Surveying a census-balanced panel of over 4,800 U.S. consumers to learn about tech priorities for credit unions, as well as 101 credit union decision-makers and 50 FinTech executives from across the U.S. to get the industry insider perspective, a picture emerges of a CU member who is embracing the digital shift enthusiastically. They expect their CU and CUSOs to do the same.

As the popularity of physical branches continues to fall, digital desires are flowing in.

The new Credit Union Innovation Study found that 22 percent of all CU members “would consider leaving their CUs for competing FIs if their CUs do not innovate.” The less satisfied the member, the more likely the switch. “This makes innovation imperative for credit unions looking to retain their members — and aiming to attract even more.”
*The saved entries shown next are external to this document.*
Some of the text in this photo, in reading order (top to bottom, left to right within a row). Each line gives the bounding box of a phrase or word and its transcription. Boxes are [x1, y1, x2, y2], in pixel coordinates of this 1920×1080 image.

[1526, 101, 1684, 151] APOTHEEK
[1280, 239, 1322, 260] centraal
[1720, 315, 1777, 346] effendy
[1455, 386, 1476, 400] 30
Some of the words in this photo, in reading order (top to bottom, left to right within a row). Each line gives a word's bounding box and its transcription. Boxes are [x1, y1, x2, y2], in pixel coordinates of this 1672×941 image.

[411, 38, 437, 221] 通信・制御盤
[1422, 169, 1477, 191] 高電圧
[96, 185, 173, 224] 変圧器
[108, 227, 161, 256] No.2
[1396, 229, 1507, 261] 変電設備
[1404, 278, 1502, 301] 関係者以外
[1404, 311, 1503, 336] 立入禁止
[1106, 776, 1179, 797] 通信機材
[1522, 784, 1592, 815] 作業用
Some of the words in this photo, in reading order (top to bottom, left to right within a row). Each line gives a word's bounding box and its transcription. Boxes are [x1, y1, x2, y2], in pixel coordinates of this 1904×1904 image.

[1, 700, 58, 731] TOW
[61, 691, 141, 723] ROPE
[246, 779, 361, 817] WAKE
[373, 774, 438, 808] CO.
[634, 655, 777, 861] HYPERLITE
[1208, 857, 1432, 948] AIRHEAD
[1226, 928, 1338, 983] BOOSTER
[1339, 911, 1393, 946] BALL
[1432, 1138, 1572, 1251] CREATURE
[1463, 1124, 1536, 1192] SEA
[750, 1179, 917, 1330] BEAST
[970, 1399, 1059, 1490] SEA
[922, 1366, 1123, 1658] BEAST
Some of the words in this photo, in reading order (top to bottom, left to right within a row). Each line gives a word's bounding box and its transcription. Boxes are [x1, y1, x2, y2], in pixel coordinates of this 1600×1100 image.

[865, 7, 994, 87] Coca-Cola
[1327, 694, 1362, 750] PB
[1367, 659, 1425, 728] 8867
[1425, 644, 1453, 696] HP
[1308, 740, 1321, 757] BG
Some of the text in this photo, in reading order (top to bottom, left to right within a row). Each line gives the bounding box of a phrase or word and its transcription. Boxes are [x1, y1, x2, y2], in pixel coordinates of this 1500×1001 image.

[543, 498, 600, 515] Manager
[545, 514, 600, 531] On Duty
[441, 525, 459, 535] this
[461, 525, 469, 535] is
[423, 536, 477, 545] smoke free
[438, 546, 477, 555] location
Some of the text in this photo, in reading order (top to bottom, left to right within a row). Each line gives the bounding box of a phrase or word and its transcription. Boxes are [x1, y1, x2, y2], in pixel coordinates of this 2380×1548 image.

Make no mistake: credit unions got on the innovation train in earnest through 2020 and it’s paying off, as 88 percent of CU members now report being either “very” or “extremely” satisfied with their CUs, compared to 81 percent of traditional bank customers, per the study.

Here’s the thing: people and institutions don’t define innovation the same way. “Many CU members do not consider the technologies their CUs developed in 2020 to be innovative at all — they see them as basic requirements,” per the new Credit Union Innovation Study. “One of the most common innovation areas on which CUs focused in 2020 was mobile wallet capabilities, with 86 percent of all CUs citing it as one of their innovation areas. Only 17 percent of members, however, expressed interest in mobile wallet innovation.”

A big risk there, researchers found, is the incursion of other FIs. Per the study, “The portfolio leakage problem may also be more widespread than many CUs realize. Sixty-two percent of CU members who have personal loans currently obtain them from their CUs’ competitors … and 66 percent of those who have mortgages have obtained them from other FIs.”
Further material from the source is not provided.